■ PROBLEM TO SOLVE: Please set down the data again exactly, minus the pictures.

Collection entries
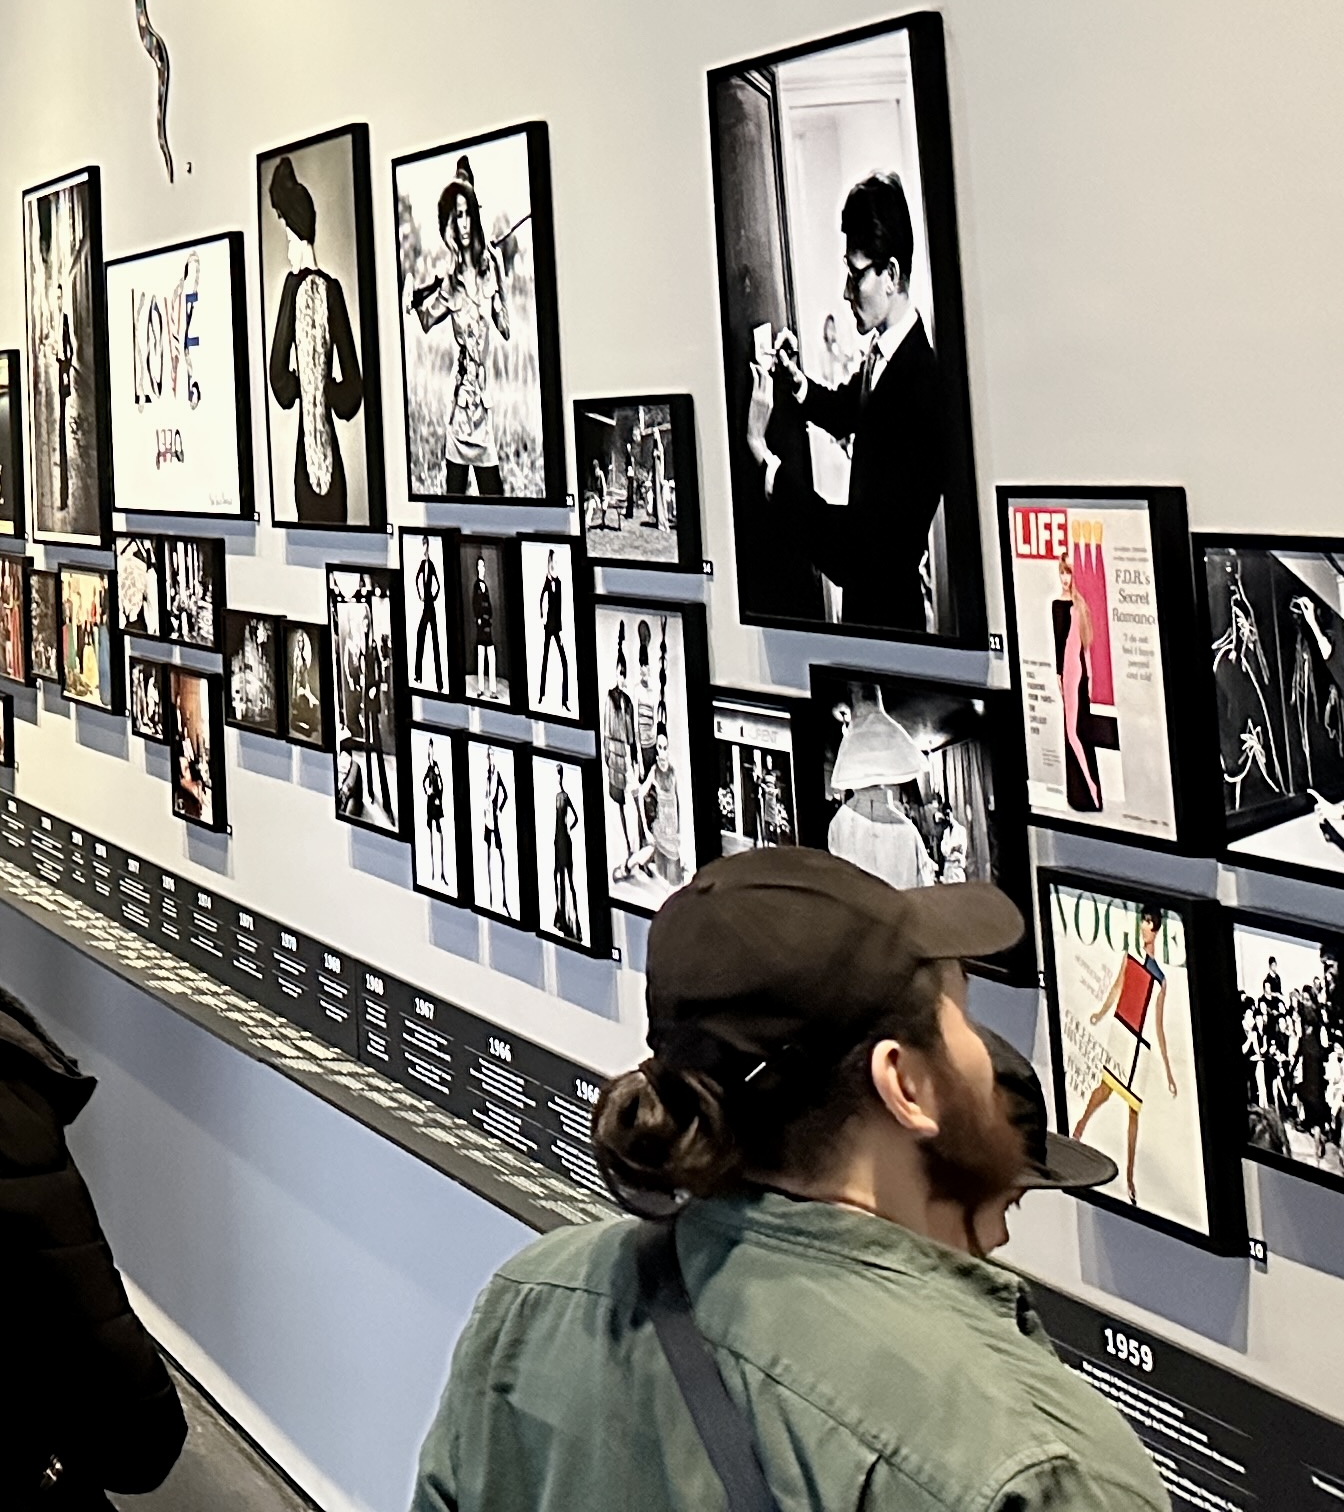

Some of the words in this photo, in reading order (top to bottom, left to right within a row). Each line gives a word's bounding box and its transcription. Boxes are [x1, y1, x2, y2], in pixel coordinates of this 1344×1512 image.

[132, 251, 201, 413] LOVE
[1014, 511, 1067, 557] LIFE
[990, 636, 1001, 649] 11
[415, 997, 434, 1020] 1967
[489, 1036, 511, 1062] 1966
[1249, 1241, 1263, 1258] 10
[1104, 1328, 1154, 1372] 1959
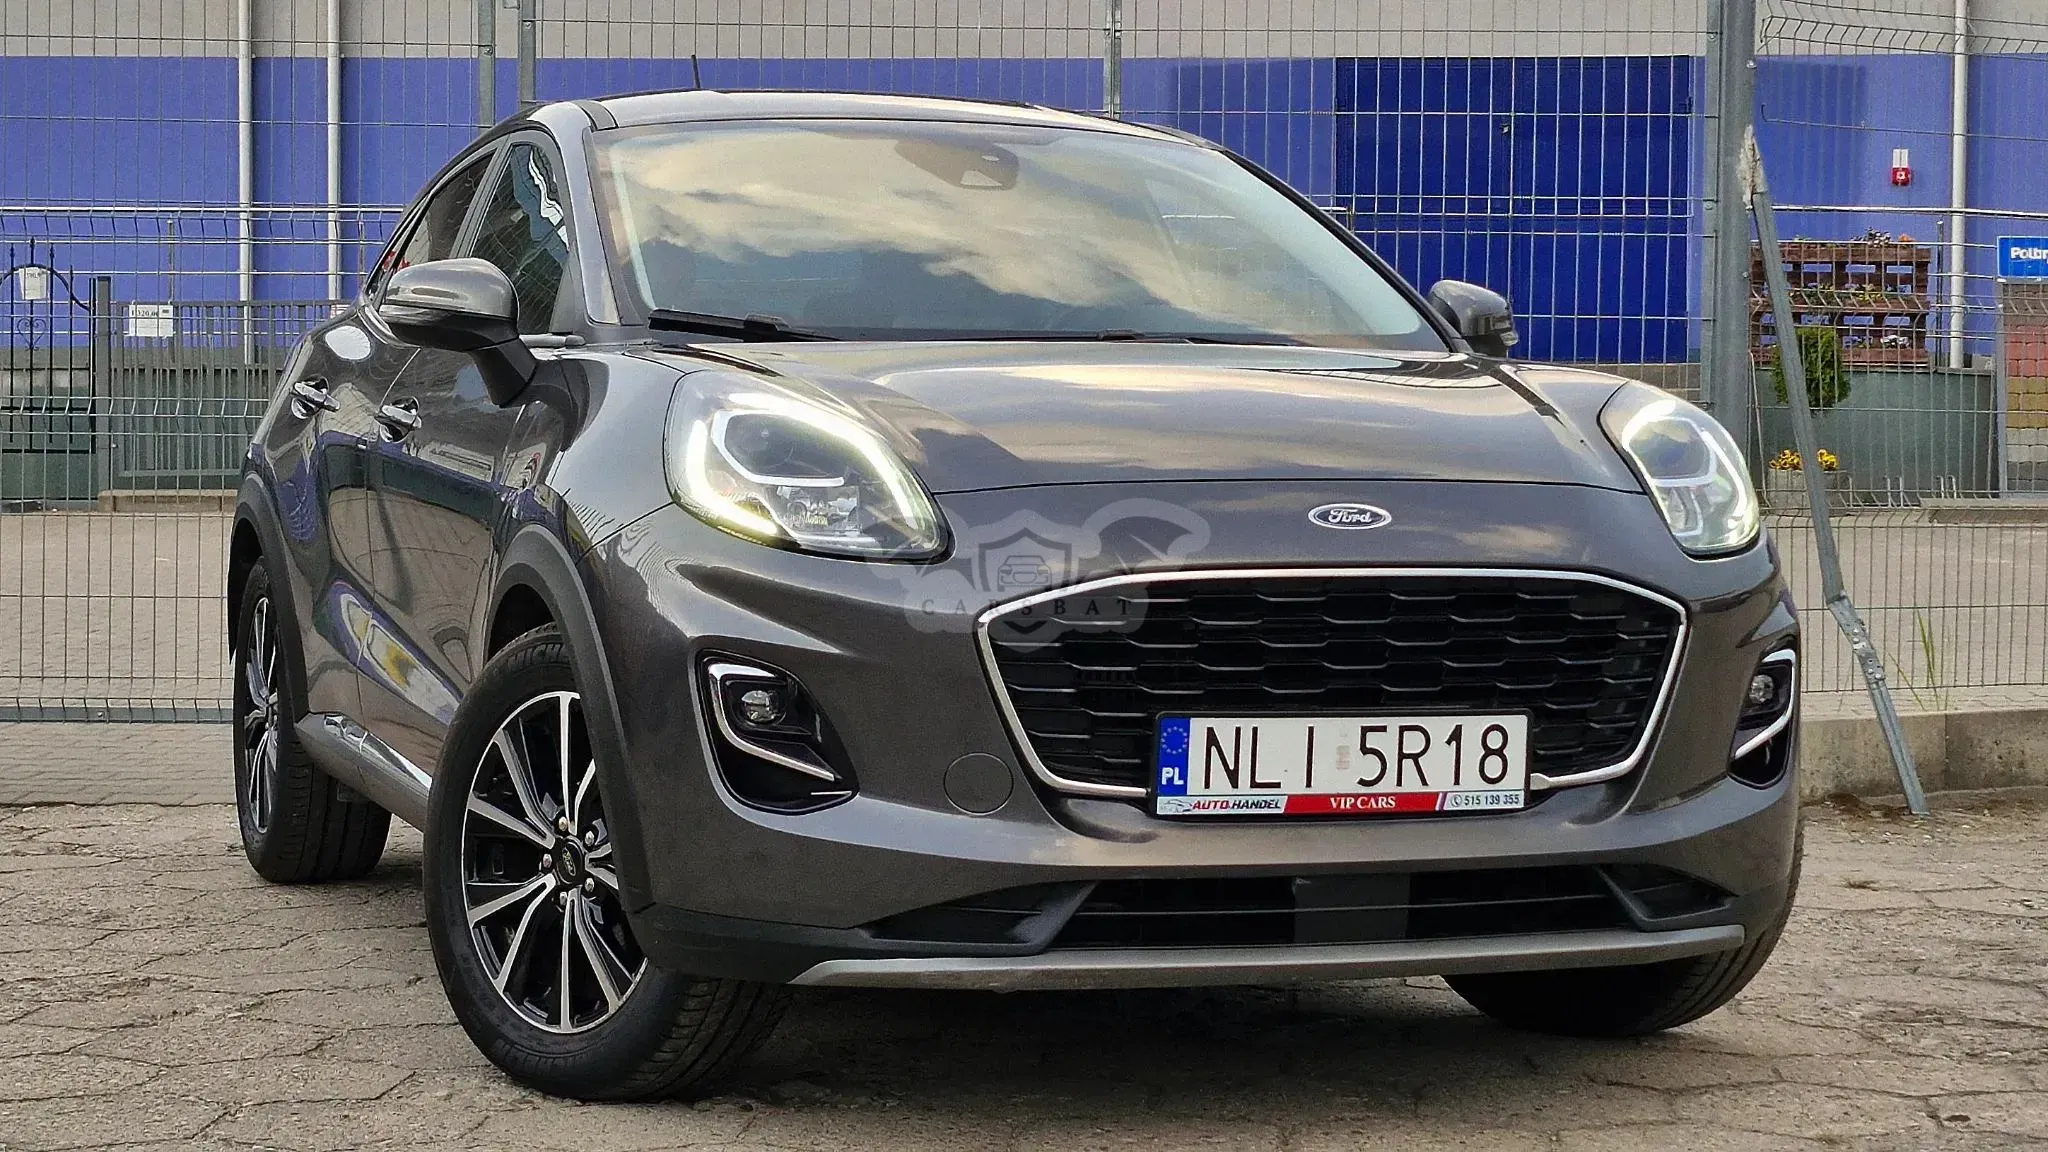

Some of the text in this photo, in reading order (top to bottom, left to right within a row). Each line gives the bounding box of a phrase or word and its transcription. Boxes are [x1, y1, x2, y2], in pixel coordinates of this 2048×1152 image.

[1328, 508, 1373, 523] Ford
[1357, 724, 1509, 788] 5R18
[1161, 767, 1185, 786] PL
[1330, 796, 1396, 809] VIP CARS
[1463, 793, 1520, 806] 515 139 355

■ ANSWER BELOW:
Some of the words in this photo, in reading order (top to bottom, left to right within a row). Each line gives a word's bounding box and its transcription. Boxes are [x1, y1, x2, y2], in pixel coordinates of this 1344×1512 image.

[132, 251, 201, 413] LOVE
[1014, 511, 1067, 557] LIFE
[990, 636, 1001, 649] 11
[415, 997, 434, 1020] 1967
[489, 1036, 511, 1062] 1966
[1249, 1241, 1263, 1258] 10
[1104, 1328, 1154, 1372] 1959

Some of the text in this photo, in reading order (top to bottom, left to right within a row). Each line gives the bounding box of a phrase or word and its transcription. Boxes are [x1, y1, x2, y2], in pixel coordinates of this 2048×1152 image.

[1328, 508, 1373, 523] Ford
[1357, 724, 1509, 788] 5R18
[1161, 767, 1185, 786] PL
[1330, 796, 1396, 809] VIP CARS
[1463, 793, 1520, 806] 515 139 355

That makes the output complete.